The entries below should be given again exactly, minus their pictures.
--- Records provided Enclosed Below ---
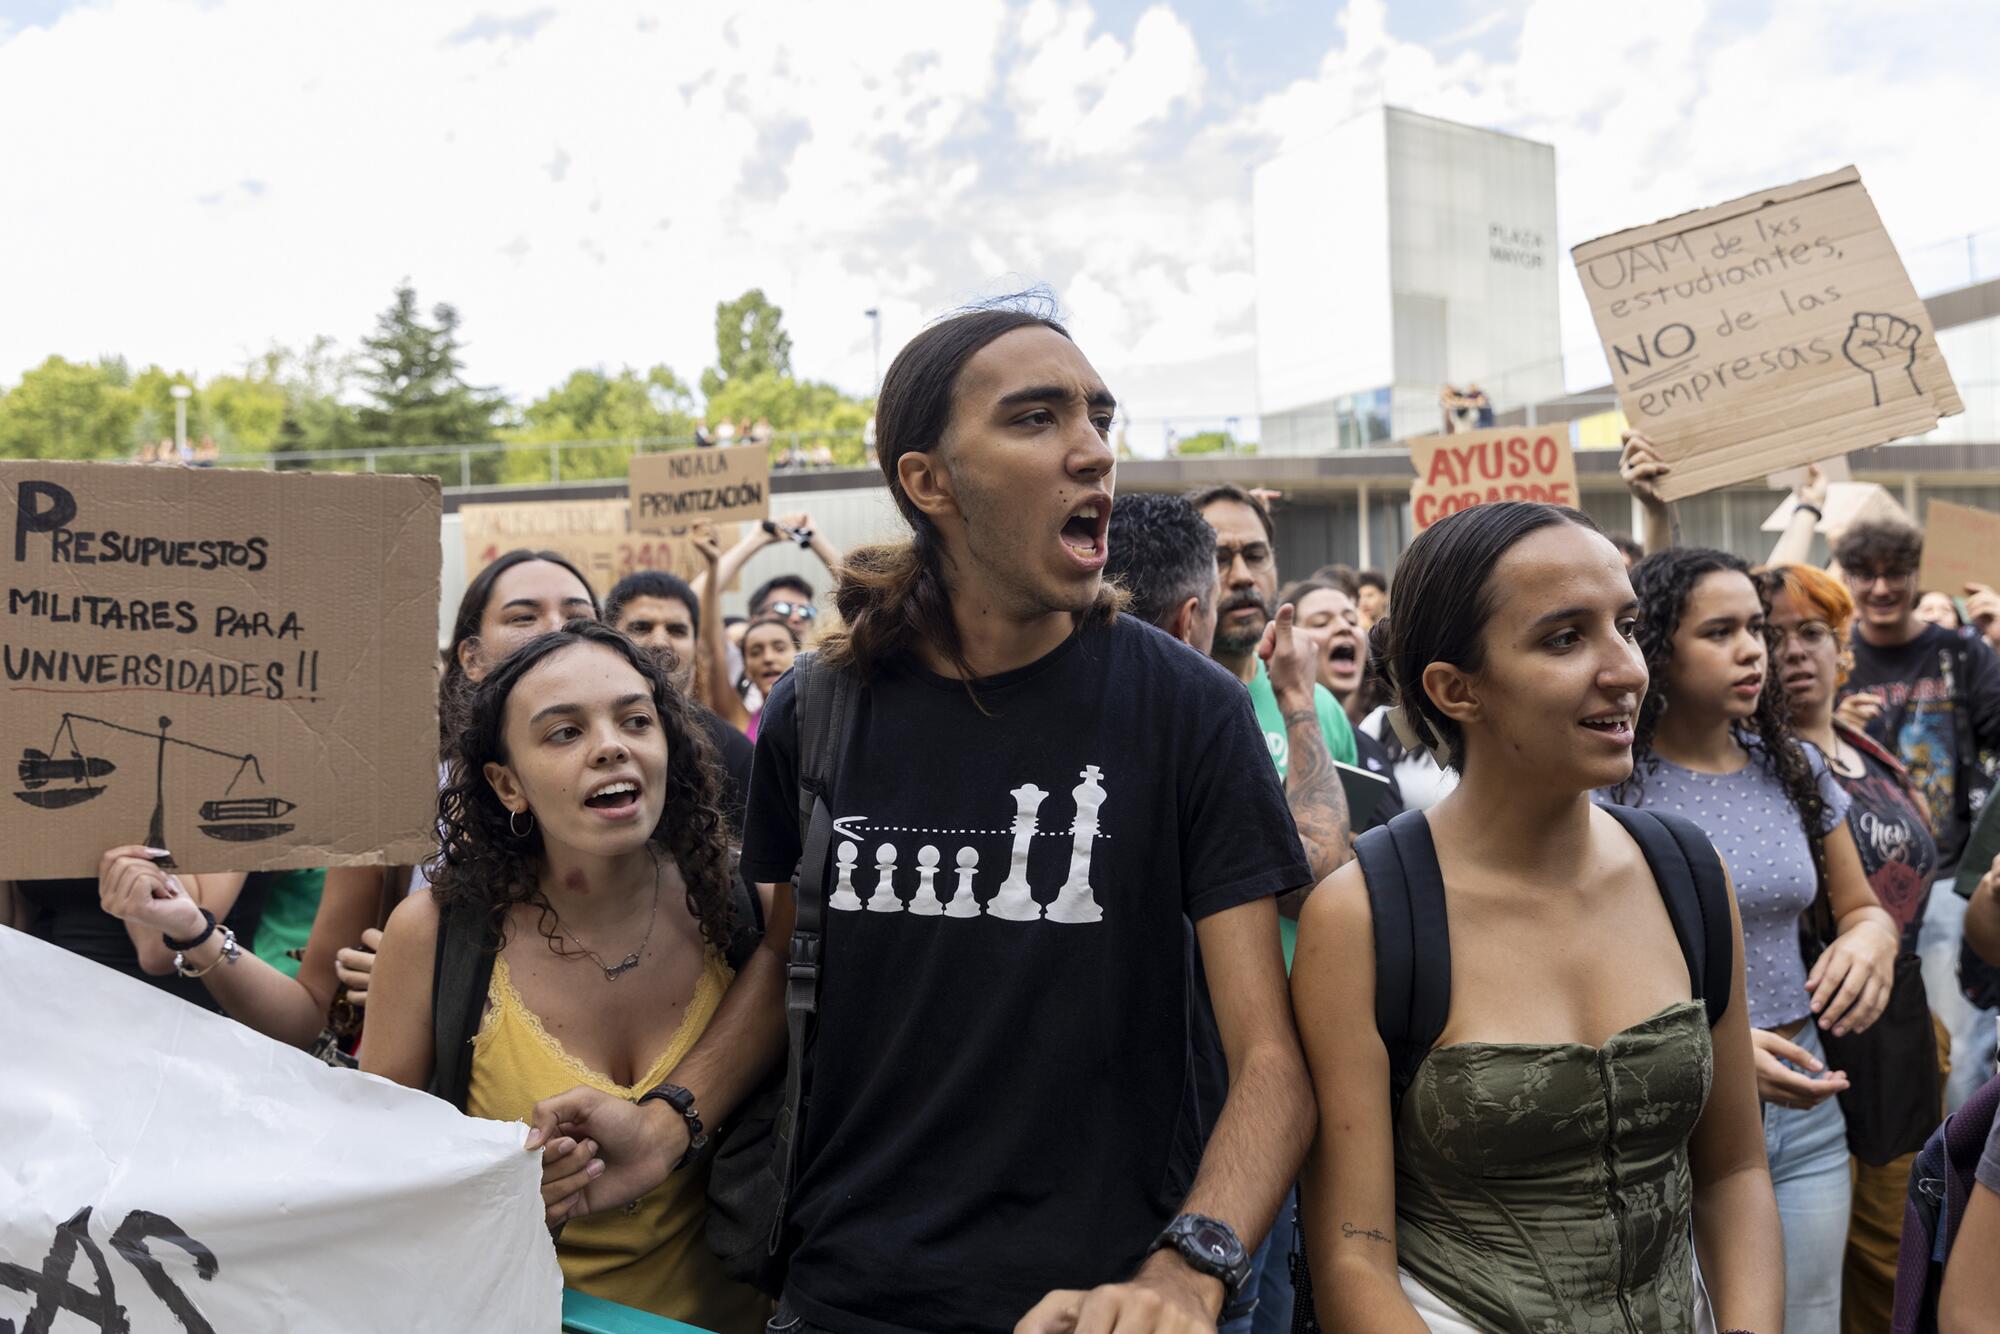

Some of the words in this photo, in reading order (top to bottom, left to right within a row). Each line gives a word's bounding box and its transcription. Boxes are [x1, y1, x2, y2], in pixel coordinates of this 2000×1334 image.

[1488, 222, 1544, 249] PLAZA
[1489, 245, 1545, 270] MAYOR
[1588, 233, 1696, 290] UAM
[1710, 230, 1742, 260] de
[1755, 216, 1802, 242] lxs
[1610, 235, 1843, 319] estudiantes,
[1612, 322, 1696, 376] NO
[1716, 309, 1760, 338] de
[1780, 285, 1842, 316] las
[1638, 336, 1833, 418] empresas
[669, 455, 692, 479] NO
[707, 451, 729, 475] LA
[1426, 435, 1559, 487] AYUSO
[639, 477, 763, 518] PRIVATIZACIÓN
[14, 480, 270, 571] PRESUPUESTOS
[8, 588, 199, 634] MILITARES
[214, 606, 305, 640] PARA
--- End of Enclosed Records provided ---
◆ Solved exercise:
Some of the words in this photo, in reading order (top to bottom, left to right within a row). Each line gives a word's bounding box and its transcription. Boxes are [x1, y1, x2, y2], in pixel coordinates of this 2000×1334 image.

[1488, 222, 1544, 249] PLAZA
[1489, 245, 1545, 270] MAYOR
[1588, 233, 1696, 290] UAM
[1710, 230, 1742, 260] de
[1755, 216, 1802, 242] lxs
[1610, 235, 1843, 319] estudiantes,
[1612, 322, 1696, 376] NO
[1716, 309, 1760, 338] de
[1780, 285, 1842, 316] las
[1638, 336, 1833, 418] empresas
[669, 455, 692, 479] NO
[707, 451, 729, 475] LA
[1426, 435, 1559, 487] AYUSO
[639, 477, 763, 518] PRIVATIZACIÓN
[14, 480, 270, 571] PRESUPUESTOS
[8, 588, 199, 634] MILITARES
[214, 606, 305, 640] PARA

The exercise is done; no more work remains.